Nellie White was too young to be a widow; she didn’t even have a wrinkle, Emily noted ruefully.
“He just sounded so scared,” she whimpered.
Morgan nodded. “You’re doing real good Nellie, real good. What else can you tell us?”
“It was just so fast. He got home from practice and checked his email.” She laughed brokenly. “I hate when he does that, I’ve asked him a thousand times to just shower, but he always has some excuse.”
Emily hated these early moments, when the death and the horror hadn’t quite sunk in. The families forget, they speak in present tense… and then it hits all over again and again and again.
“He just gets caught up on the stupid computer, you know? And he’ll spend hours in here just sitting in his own filth.” Nellie looked up from the latest tissue she’d been shredding, the pile in front of her a testament to how long it’d taken her to get her composure back.
Even after everything she’s seen, Emily’s not sure she’d recover nearly as quickly. Nellie may be the typical blonde trophy wife physically, but there was a spine of steel buried below.
Deep below, she amended as Nellie started sobbing into Morgan’s shoulder, again from the look of his shirt.
“Nellie,” she asked softly. “When did you first realize something was wrong?”
“When I was in the kitchen making dinner,” she said. She pointed to the pots on the range. “Homemade soup, one of his favorites. And suddenly this horrible scream comes from the den.”
She breathed deeply. “And when I get in there, he’s just clawing at his face and screaming. He’s not even trying to say anything, he just screams and screams. He’s stumbling around the room and his hands just keep clawing and clawing. And before the ambulance even arrives, he’s on the ground and he’s not moving.”
Nellie looks up at them brokenly. “I…didn’t even try to help him. I couldn’t even go in the room. Do you think it’s my fault he died? If I’d done something, maybe he’d be alive right now?”
“Ma’am, there’s nothing you could have done.” Morgan took both her hands in his. “But we need you to be strong right now, can you do that?”
Nellie nodded uncertainly.
“Just before he died, you mentioned that Randy was ‘stumbling around the room’,” Emily prompted. “Can you be more specific? Was he disoriented? Was he trying to get out of the room?”
“It almost looked like he was trying to get away from something,” Nellie said after a moment of thought. “Like there was something in the room only he could see and it was horrible. And he just wanted to get away.”
She and Morgan exchanged a discomfited look. How did all the victims share the same delusion?
“Nellie, this is uncomfortable, but we have to know. Did you touch the body in any way?”
She looks at Emily confused. “I already told you, I didn’t do anything. Oh my god, I’m such a stupid cow!
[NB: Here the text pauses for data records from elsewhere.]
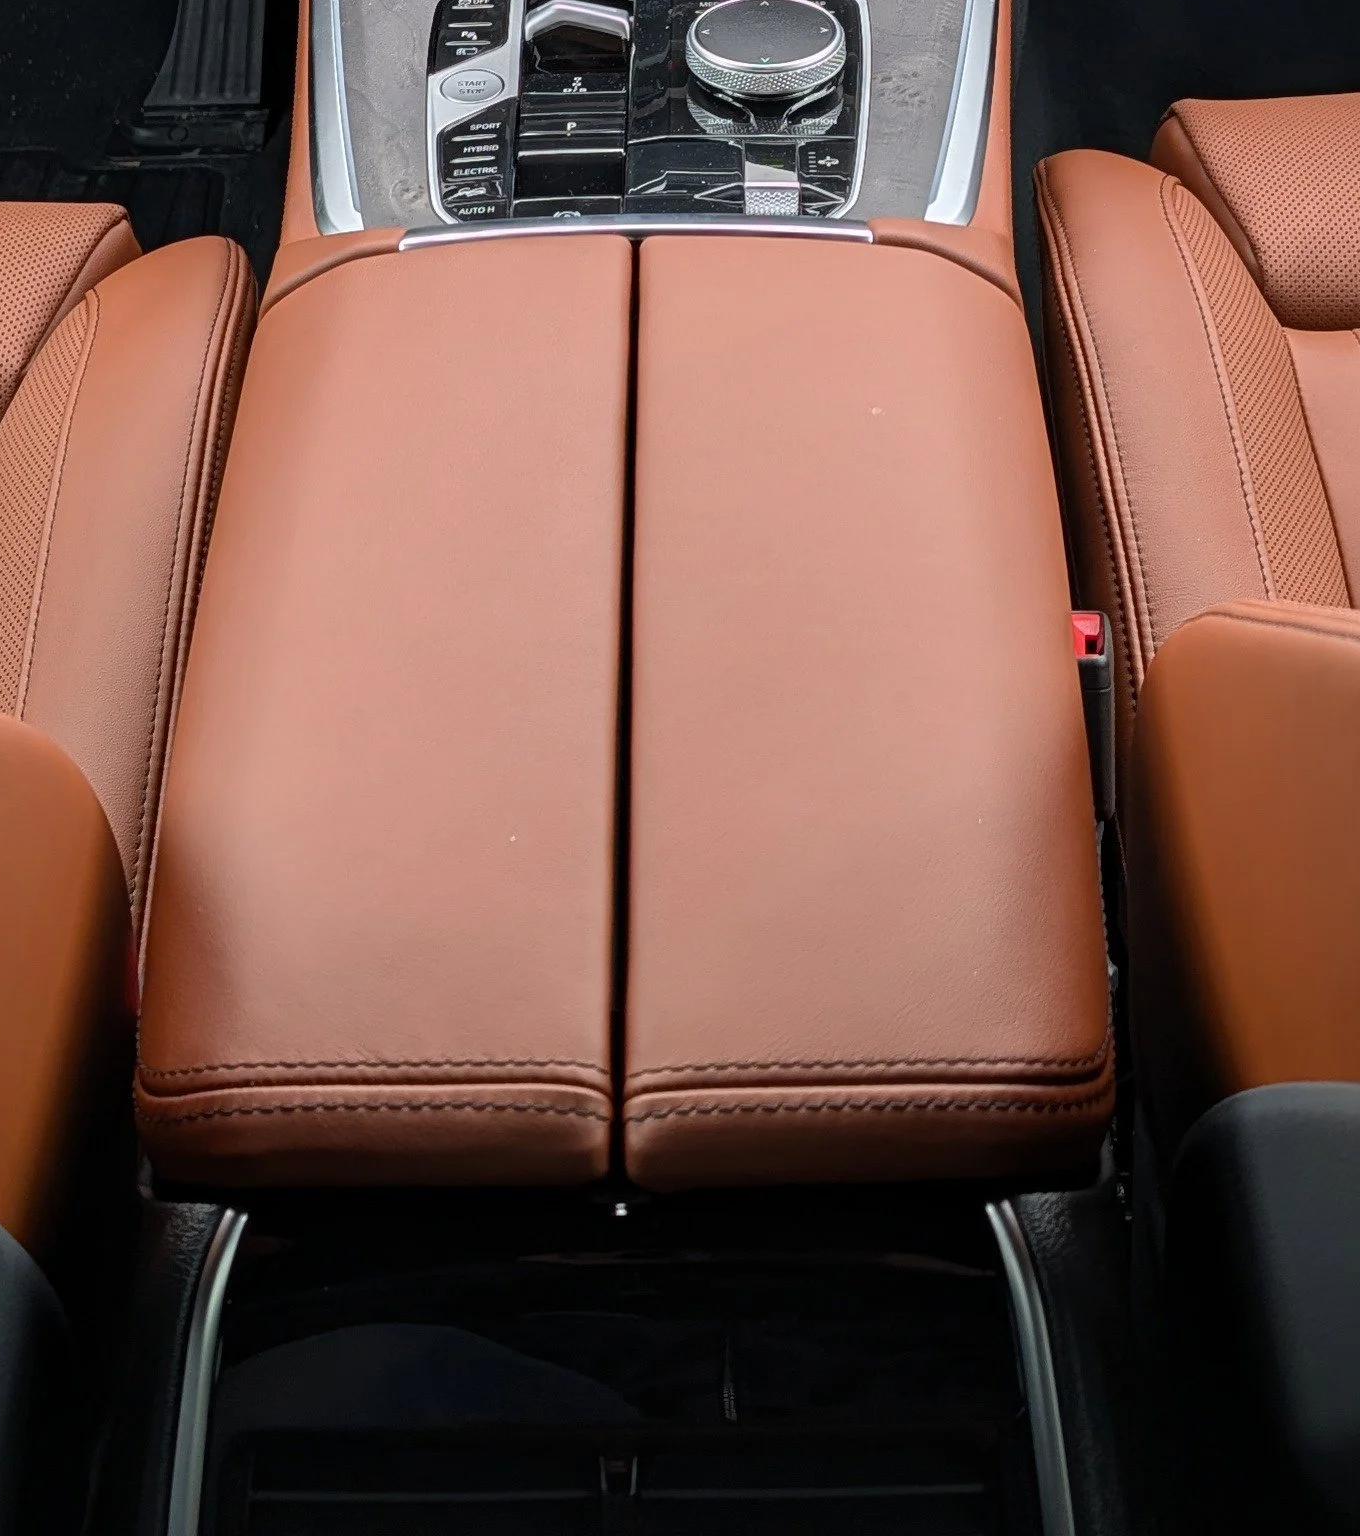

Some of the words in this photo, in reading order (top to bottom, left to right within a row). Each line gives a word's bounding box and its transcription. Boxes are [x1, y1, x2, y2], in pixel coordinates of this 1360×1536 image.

[457, 79, 488, 87] START
[801, 117, 837, 125] OPTION
[469, 122, 502, 131] SPORT
[566, 121, 577, 131] P
[463, 144, 499, 153] HYBRID
[453, 166, 498, 176] ELECTRIC
[458, 206, 486, 215] AUTO
[487, 205, 495, 213] H
I just let my husband die in front of me without doing anything!”
“I know this is hard,” Morgan said softly, “But did Randy have any enemies? Anyone who might have wanted to hurt him?”
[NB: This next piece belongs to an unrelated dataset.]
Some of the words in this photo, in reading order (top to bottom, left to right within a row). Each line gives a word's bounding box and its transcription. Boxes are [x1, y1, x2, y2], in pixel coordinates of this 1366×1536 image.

Nellie patted at her running mascara ineffectively and sniffed a few times. “No, nothing I can think of. He’s never gotten in trouble with the law, not even a parking ticket! Why would anyone want to hurt him?”
Before she could collapse back into sobs, Morgan thanked her for her time and recommended she stay with a friend or family member for the night.
Emily waited until they were out of earshot of the local cops and the victim’s wife before confessing, “This is freaking me out.”
“Seven victims now. Six dead and one hanging on by a thread in the hospital is bad enough, but the shared delusions are not normal.”
Emily knew it was stupid, but she lowered her voice conspiratorially anyway. “You think it has anything to do with the Winchesters?”
“People dropping like flies in creepy and horrible ways?” Morgan asked rhetorically. “Sounds like their M.O.”